O Estado de S. Paulo
A greve dos caminhoneiros, ocorrida em maio deste ano, serviu como catalisador para que a estrutura regulatória do setor de distribuição e revenda de combustíveis fosse discutida e repensada em alguns dos seus aspectos mais relevantes.
Ainda em maio de 2018, o Conselho Administrativo de Defesa Econômica (Cade) publicou um documento propondo nove diferentes medidas que poderiam, em tese, proporcionar melhores condições competitivas para o setor e, consequentemente, diminuir o preço do combustível para o consumidor final.
Entre setembro e novembro de 2018, a Agência Nacional do Petróleo (ANP) conduziu a Tomada Pública de Contribuições n. 3/2018, abrindo espaço para avaliar a implementação das referidas medidas propostas pelo Cade, entre elas o possível fim da restrição de verticalização entre distribuição e revenda de combustíveis.
Ao contrário do que ocorre em outras jurisdições, no Brasil é vedado que uma distribuidora de combustíveis detenha participação direta na atividade de revenda (i.e. postos de combustíveis).
Tais restrições se encontram abrigadas na Lei 9.478/97 e na Portaria 116/2000 da ANP, que estabelece, em seu artigo 12, que: “é vedado ao distribuidor de combustíveis líquidos de petróleo, álcool combustível e outros combustíveis automotivos, o exercício da atividade de revenda varejista”.
Segundo a opinião manifestada pelo Cade, tais regras podem gerar incentivos econômicos equivocados ao impedir a verticalização dos contratos no varejo de combustíveis. Para embasar tal opinião, o Cade citou diversos artigos que apontam, em diferentes mercados, para uma diminuição da concorrência (principalmente intermarcas), aumento dos custos e de preços de revenda (decorrentes da dupla margem de lucro – do distribuidor e do revendedor) diante de cenários de proibição de verticalização.

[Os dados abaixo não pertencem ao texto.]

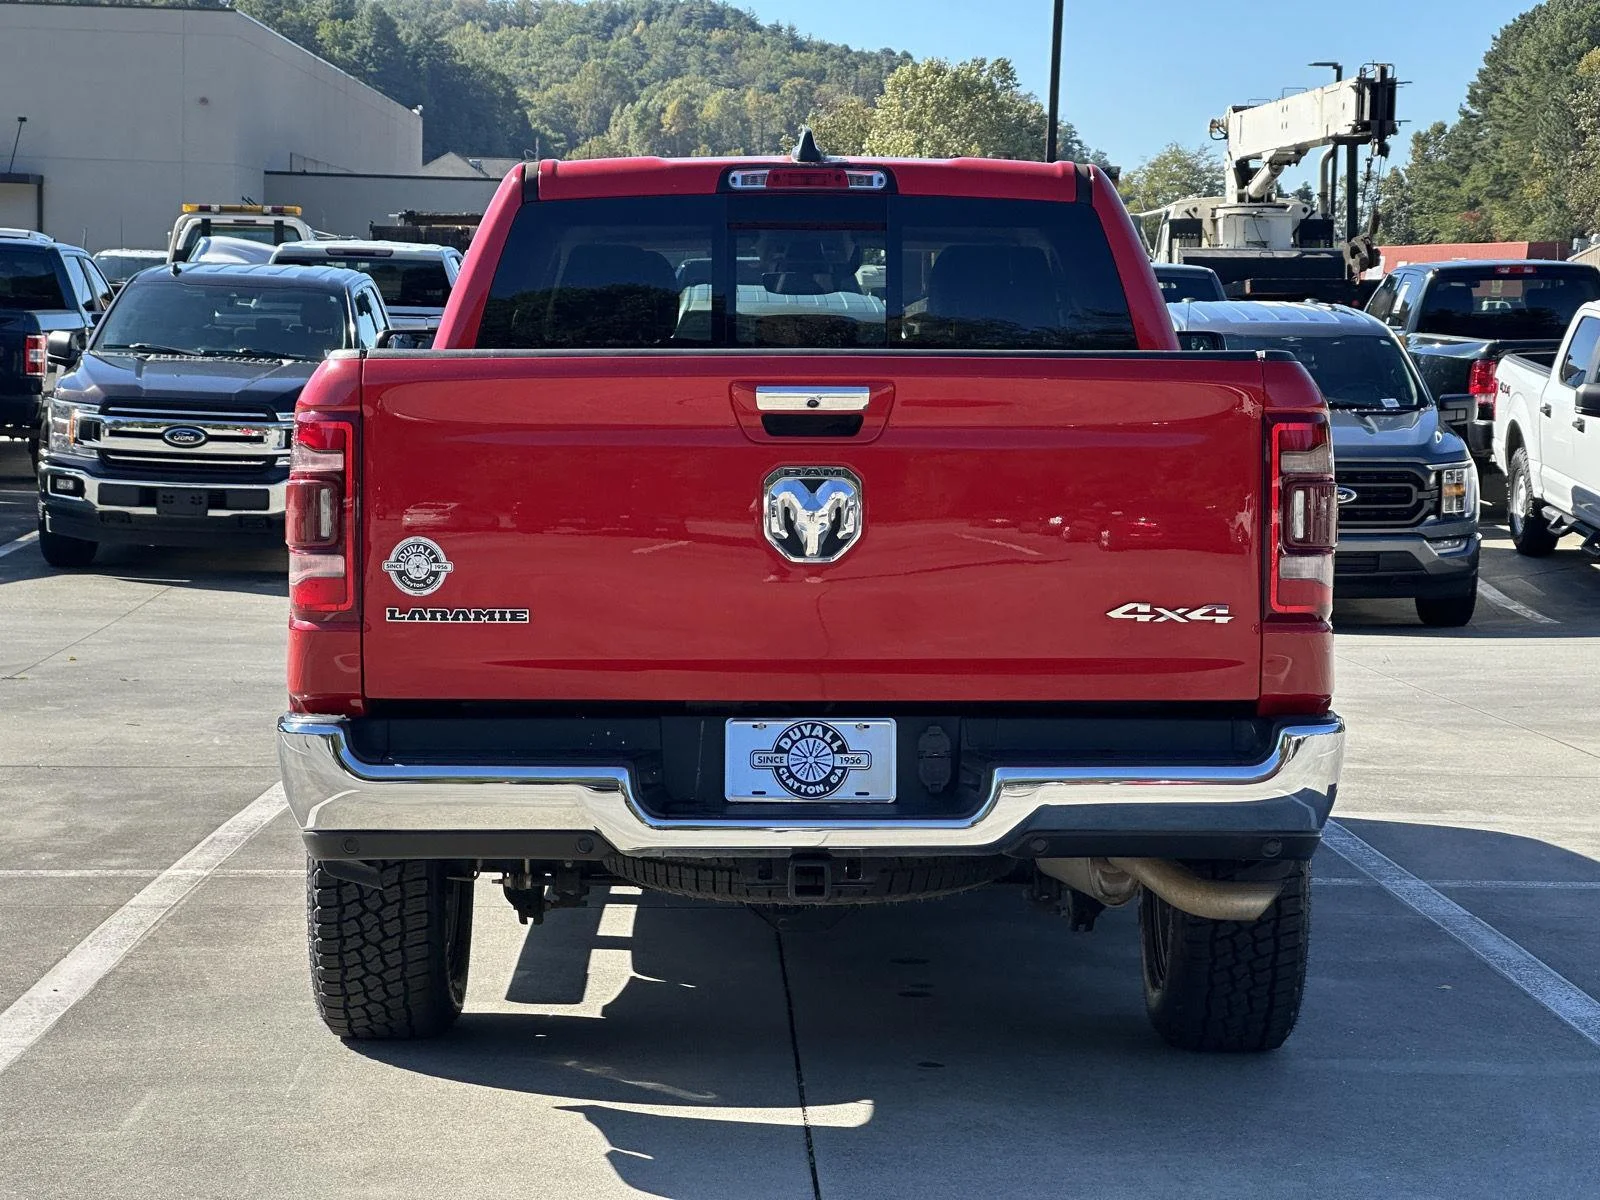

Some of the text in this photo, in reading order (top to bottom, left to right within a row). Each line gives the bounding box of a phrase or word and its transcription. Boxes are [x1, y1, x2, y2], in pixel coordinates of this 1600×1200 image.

O documento do Cade mencionado acima tem como base o trabalho publicado em 2009 pela Organização para a Cooperação e Desenvolvimento Econômico (OCDE) abordando, dentre outros temas, o efeito de políticas competitivas para relações verticais na revenda de combustíveis.
Dos 21 países analisados no referido estudo, 18 não proíbem a integração entre distribuição e revenda, entre esses Austrália, Canada, Japão, Holanda, Nova Zelândia, Espanha, Reino Unido, Alemanha, Hungria, Irlanda, Itália, Coreia, Noruega, Portugal, Indonésia, Israel, Rússia e África do Sul. Os 3 países analisados que apresentavam alguma restrição de integração eram Argentina e Turquia, onde a proibição de integração, apesar de não ser absoluta, encontra certos limites de participação de mercado e Estados Unidos, onde em geral não existe restrição mas alguns estados, em algumas ocasiões, criaram restrições.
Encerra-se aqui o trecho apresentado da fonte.